> _EXERCISE DETAILS_: Write out the listing below without alteration, omitting its pictures.

> _INPUT DATA_:
◇ ◇ ◇ ◇ ◇ ◇ ◇
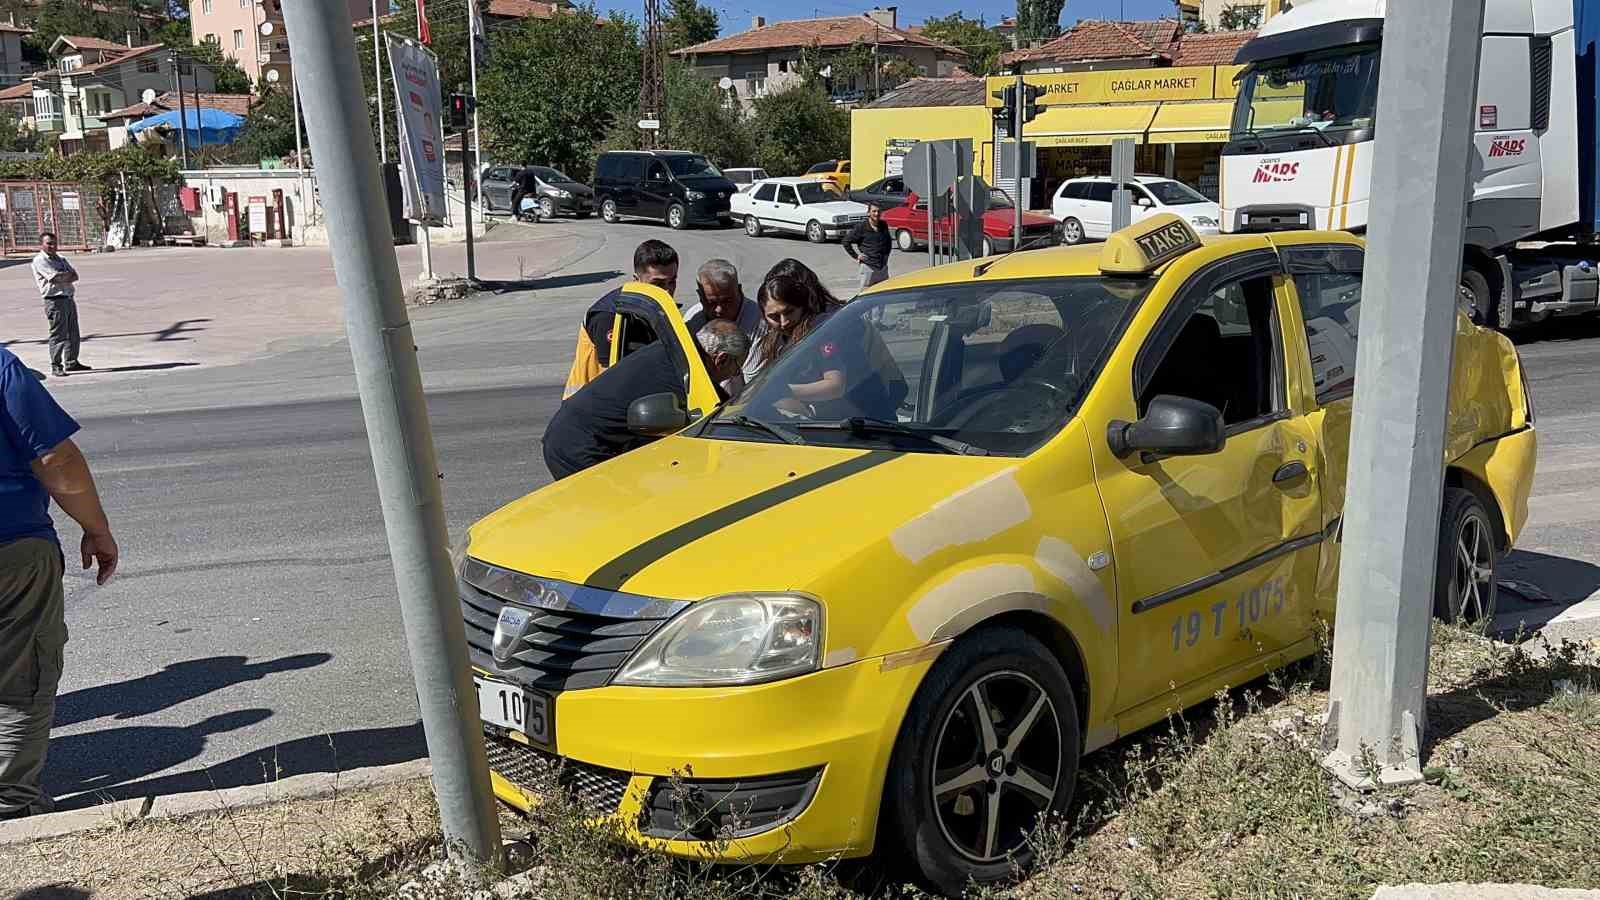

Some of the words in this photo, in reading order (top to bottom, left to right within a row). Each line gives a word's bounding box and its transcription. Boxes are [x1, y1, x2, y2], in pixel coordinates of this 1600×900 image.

[1154, 77, 1198, 89] MARKET
[1171, 608, 1200, 651] 19
[1210, 600, 1227, 637] T
[1236, 576, 1285, 625] 1075
[499, 690, 545, 735] 1075
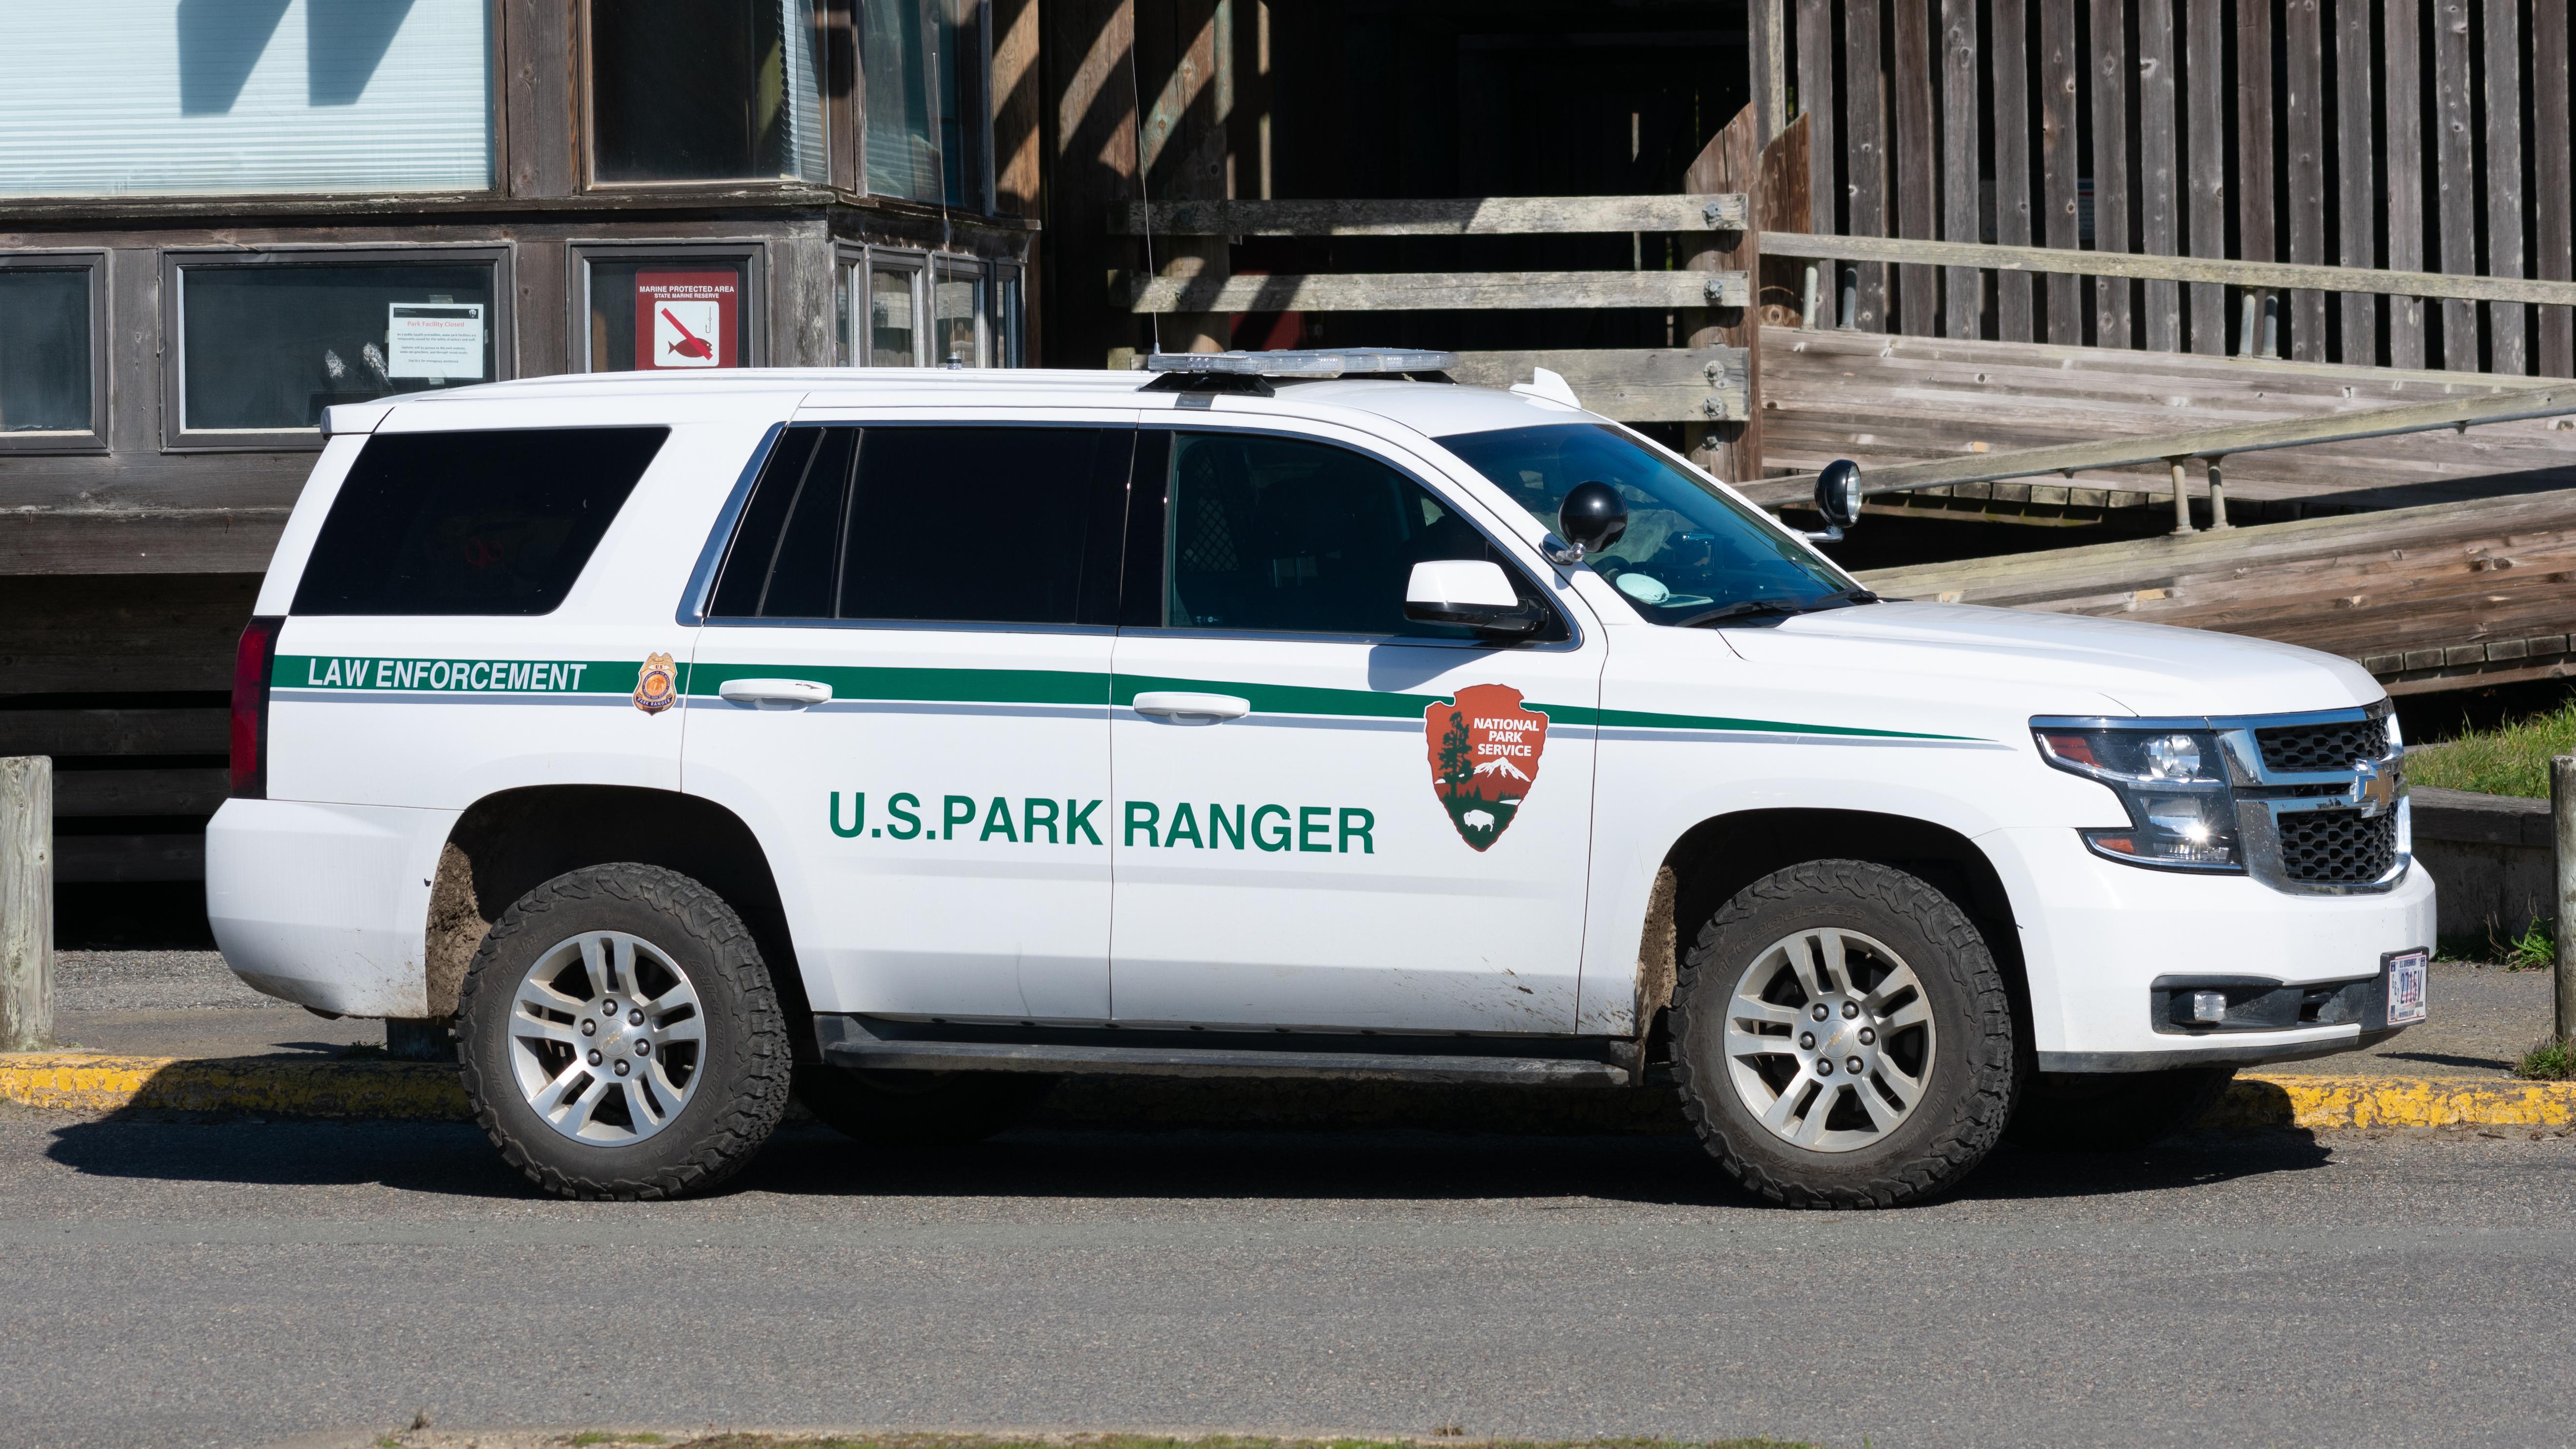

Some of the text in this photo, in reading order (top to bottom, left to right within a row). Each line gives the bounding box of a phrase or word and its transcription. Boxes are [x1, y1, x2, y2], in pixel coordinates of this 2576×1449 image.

[308, 658, 587, 690] LAW ENFORCEMENT
[1474, 718, 1539, 731] NATIONAL
[1489, 731, 1523, 743] PARK
[1478, 744, 1531, 756] SERVICE
[1124, 801, 1375, 854] RANGER
[2400, 969, 2422, 1004] 2715V
◇ ◇ ◇ ◇ ◇ ◇ ◇
> _ANSWER SPACE_:
Some of the words in this photo, in reading order (top to bottom, left to right within a row). Each line gives a word's bounding box and its transcription. Boxes are [x1, y1, x2, y2], in pixel coordinates of this 1600×900 image.

[1154, 77, 1198, 89] MARKET
[1171, 608, 1200, 651] 19
[1210, 600, 1227, 637] T
[1236, 576, 1285, 625] 1075
[499, 690, 545, 735] 1075

Some of the text in this photo, in reading order (top to bottom, left to right within a row). Each line gives the bounding box of a phrase or word and its transcription. Boxes are [x1, y1, x2, y2], in pixel coordinates of this 2576×1449 image.

[308, 658, 587, 690] LAW ENFORCEMENT
[1474, 718, 1539, 731] NATIONAL
[1489, 731, 1523, 743] PARK
[1478, 744, 1531, 756] SERVICE
[1124, 801, 1375, 854] RANGER
[2400, 969, 2422, 1004] 2715V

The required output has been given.